BLACOS: A una amiga...

A una amiga

Hace días que pisas la senda de la vida sin que oigas crujir las hojas secas bajos tus pies. Desde hace días sólo te recibe el silencio del dolor. Hace ya muchos días que en el horizonte de esa senda se ha instalado una oscura soledad. A veces la tela negra cambia de color y se convierte en una pantalla en la que se plasman tus recuerdos. Se dibujan aquellas manos ágiles y abrumadas de cariño que tejían una trenza sobre tu pelo a la que siempre le añadían esos adornos pintureros sobre tu cabeza. Esos colores que te enamoraban y que aún ahora, con el paso de los años, los necesitas columpiándose en tu melena para no sentirte vacía de cariño. Esas pequeñas riñas de la adolescencia rebelde en la que se mezclaba la autoridad de una madre con la seda de sus palabras a la hora de guiarte por los peligros de la vida. Esos ojos desbordados de orgullo por una hija que, casi sin darse cuenta, se había hecho mujer y que, ahora en la cabeza, además de los adornos, tenía un almacén de muebles en perfecto orden para acoger todo lo que le iba a regalar la vida. Y también se dibujaba en la pantalla ese rostro dolorido, esa mirada silente, ese gesto lleno de ausencias de esos días que habían comenzado a ser noches, incluso antes de que despuntara el alba, en un lecho de postración. Son recuerdos, imágenes, verdades que duelen, porque el duelo siempre es dolor y al principio es sobre todo negación. Después de la negación, llega la asunción de un adiós que todos queremos que se quede en un hasta luego. Ahí es cuando se empieza a valorar todo, sobre todo lo bueno. En tu caso estoy seguro que lo bueno es todo, porque con las ausencias lo único que se va es aquello que no queremos que se quede.

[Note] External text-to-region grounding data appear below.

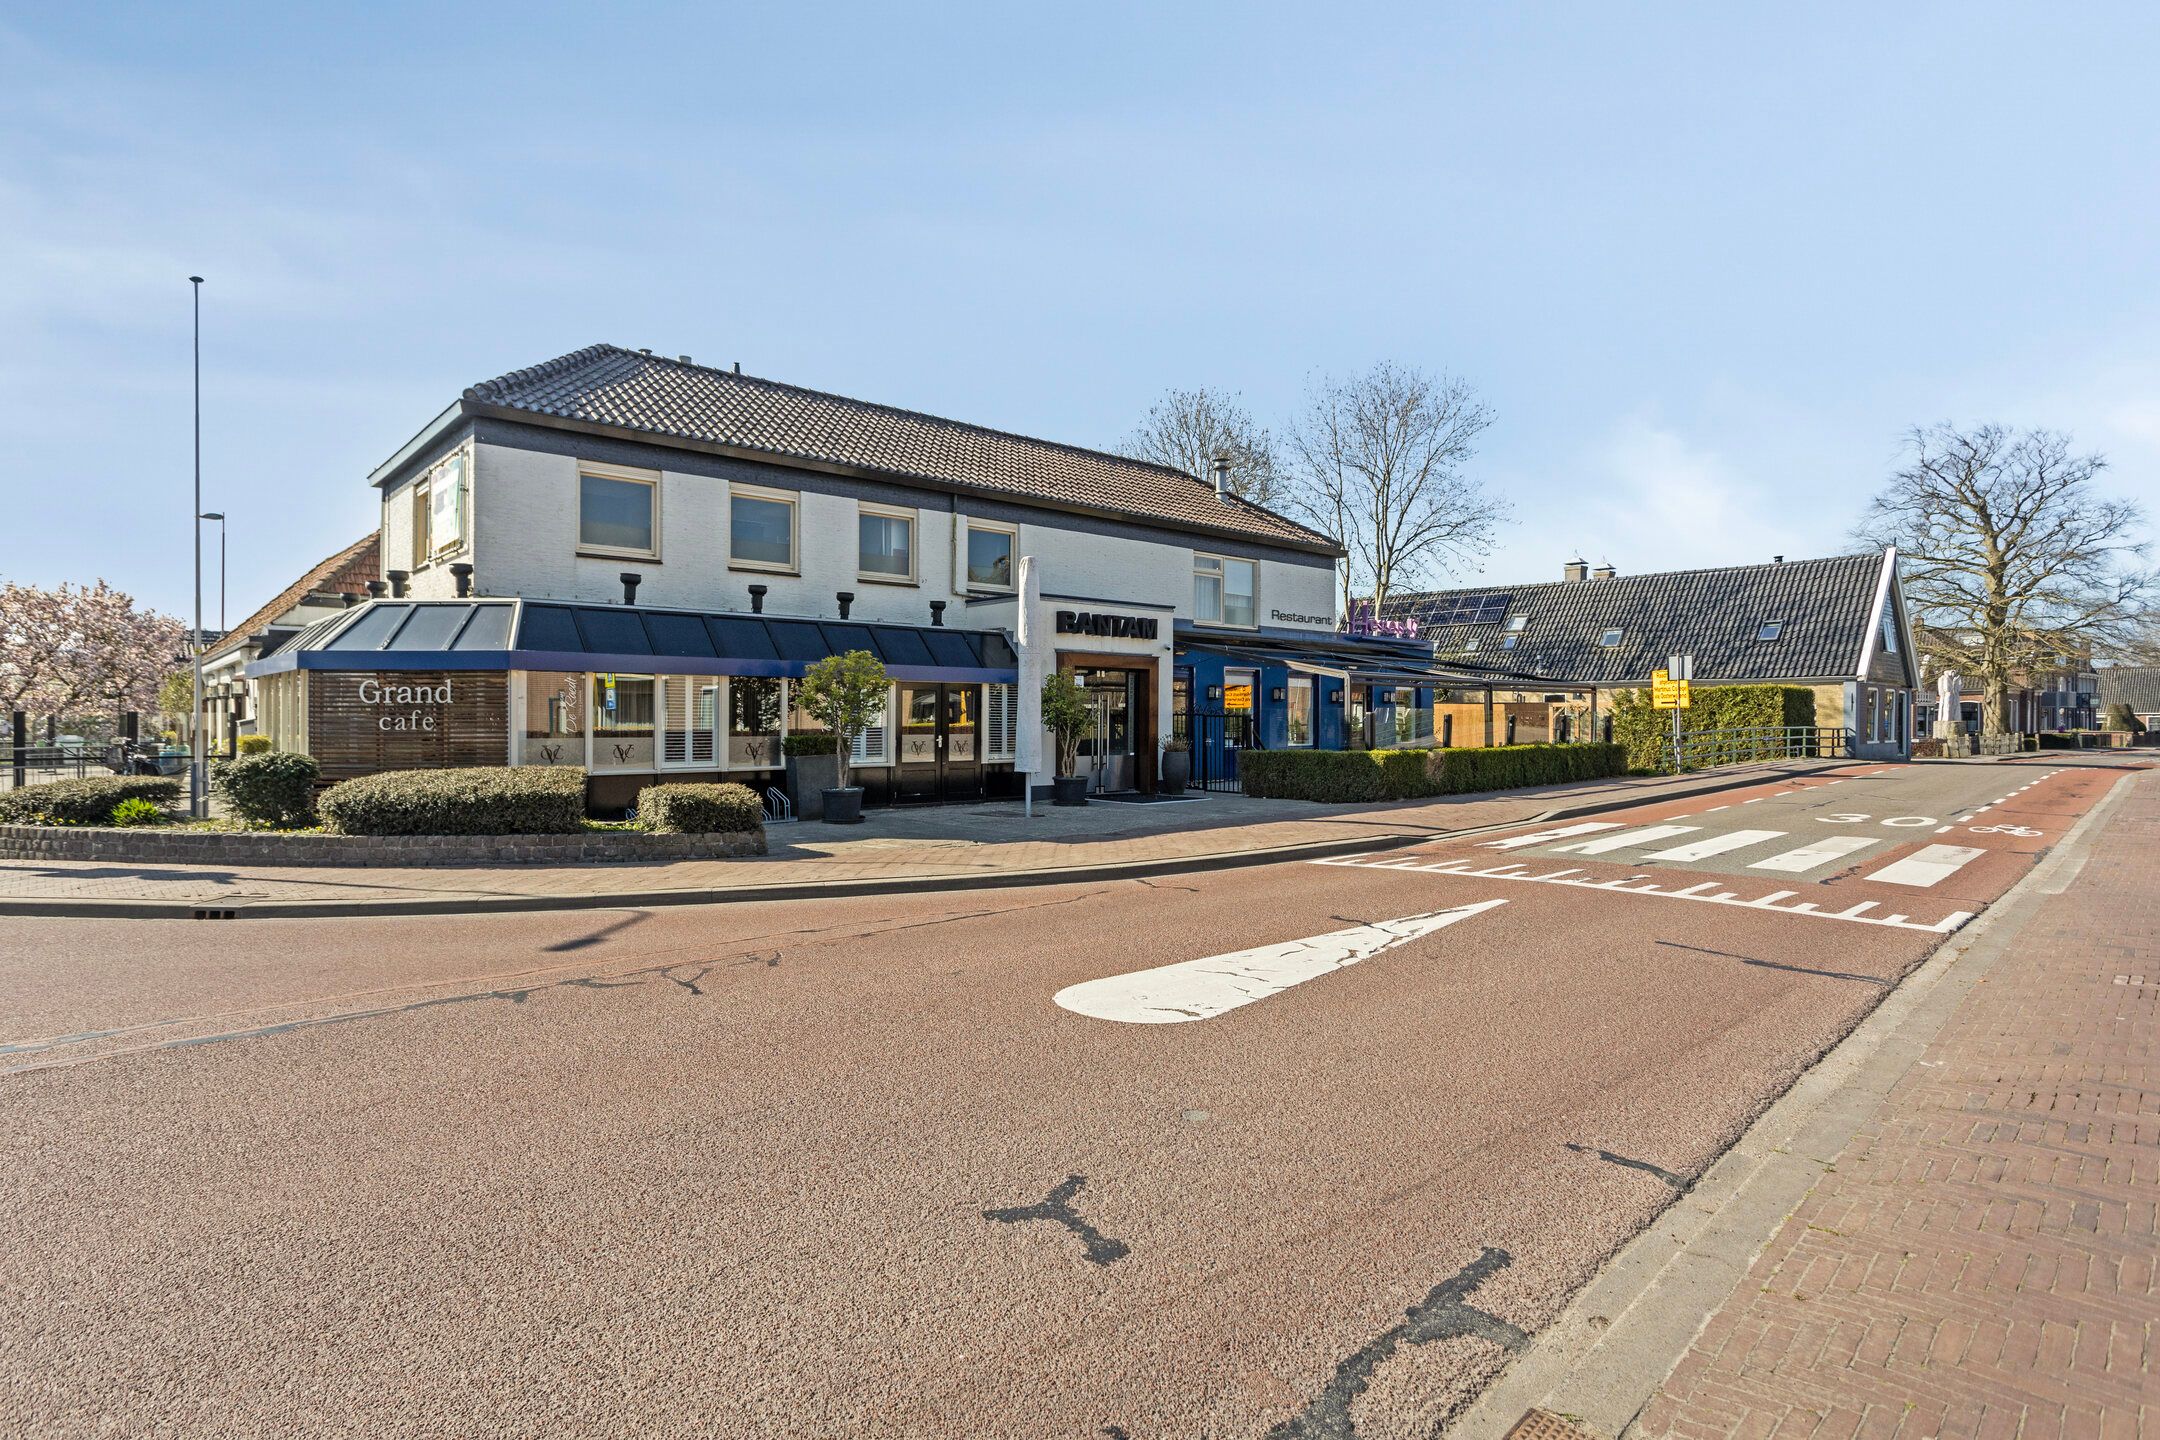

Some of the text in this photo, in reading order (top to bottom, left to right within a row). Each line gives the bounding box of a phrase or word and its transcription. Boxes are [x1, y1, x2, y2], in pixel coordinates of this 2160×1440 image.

[1056, 610, 1158, 639] BANTAM
[1271, 609, 1333, 626] Restaurant
[358, 678, 454, 704] Grand
[1815, 813, 1938, 827] 30
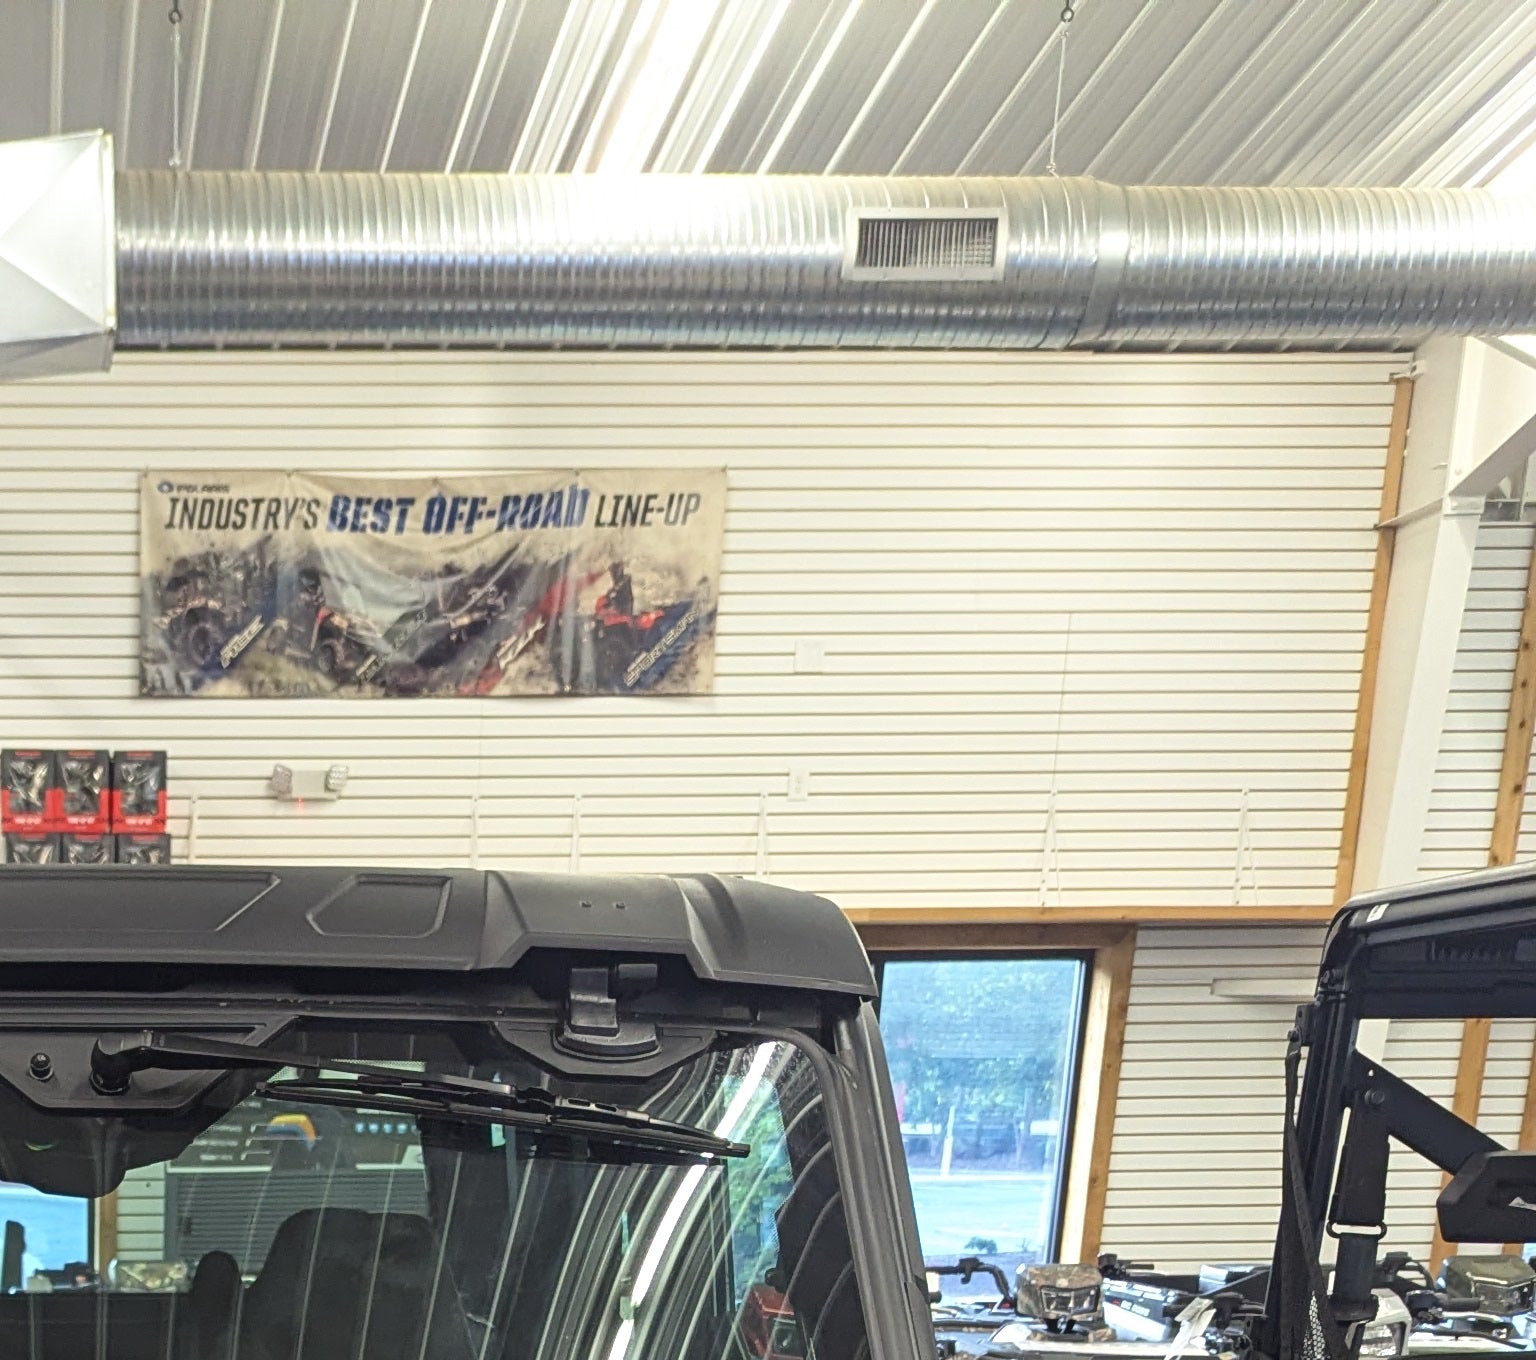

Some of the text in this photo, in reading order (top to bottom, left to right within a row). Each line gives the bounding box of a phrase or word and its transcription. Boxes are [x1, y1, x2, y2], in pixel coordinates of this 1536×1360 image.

[165, 482, 701, 534] INDUSTRY'S BEST OFF-ROAD LINE-UP

Haces balance y en las primeras lágrimas ya descubres que te quedaba mucho por hacer con ella y mucho por decirle, que no se lo habías dicho unas veces por falta de tiempo, otras veces por falta de ganas y otras veces por las dos cosas. Y luego, de repente y sin darte cuenta, llegará ese día en el que compruebas que no te quedó nada por decirle, que las madres saben interpretar hasta nuestros silencios, y que en esos momentos en los tú estabas callada, ella sabía perfectamente todo lo que estabas diciendo. Y es ahí donde empieza a nacer la calma y la tranquilidad. Y después la seguridad de que has hecho todo lo que estaba en tu mano e incluso lo que no estaba y más. Te darás cuenta que ha llegado ese día, cuando las hojas secas vuelvan a crujir bajo tus pies en la senda de la vida. Un abrazo.